Return the following data exactly, with all pictures left out.

[Given information]
_ _ _

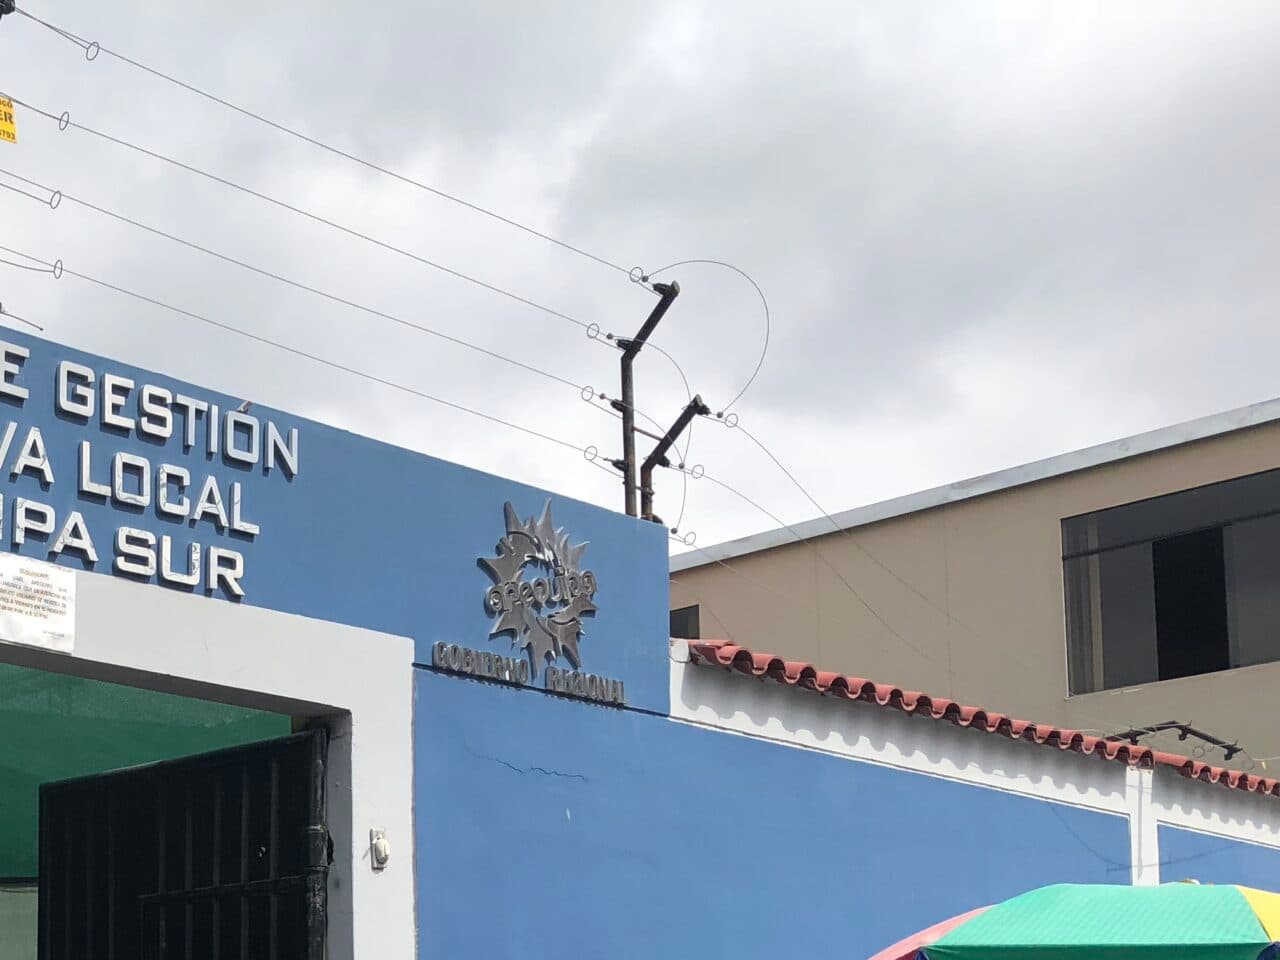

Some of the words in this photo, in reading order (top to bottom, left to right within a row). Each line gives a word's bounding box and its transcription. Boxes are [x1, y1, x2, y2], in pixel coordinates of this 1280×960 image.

[55, 360, 300, 477] GESTIÓN
[78, 440, 261, 536] LOCAL
[115, 526, 246, 597] SUR
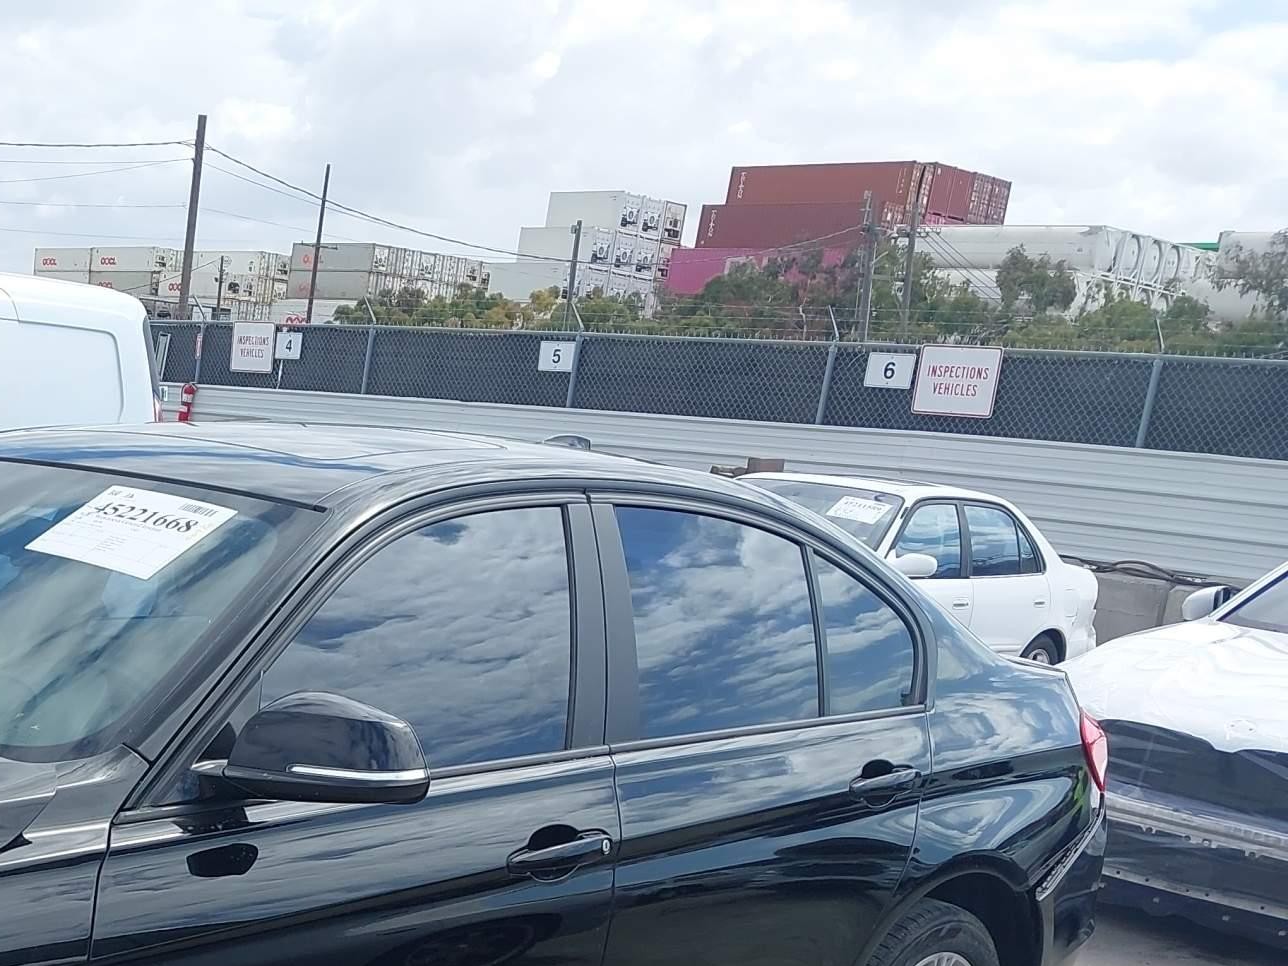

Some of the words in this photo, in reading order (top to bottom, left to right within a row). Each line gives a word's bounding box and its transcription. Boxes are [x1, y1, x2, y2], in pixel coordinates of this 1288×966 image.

_ _ _

[Answer]
Some of the words in this photo, in reading order (top to bottom, left to right within a row). Each line gives a word's bounding box and its transcription. Boxes are [x1, y1, x2, y2], in pixel coordinates of this 1280×960 image.

[55, 360, 300, 477] GESTIÓN
[78, 440, 261, 536] LOCAL
[115, 526, 246, 597] SUR

Some of the words in this photo, in reading order (top to bottom, left to right within a row). Each line gives a word's bounding box and its transcription. Boxes are [x1, y1, x2, y2], in pixel coordinates of this 1288×966 image.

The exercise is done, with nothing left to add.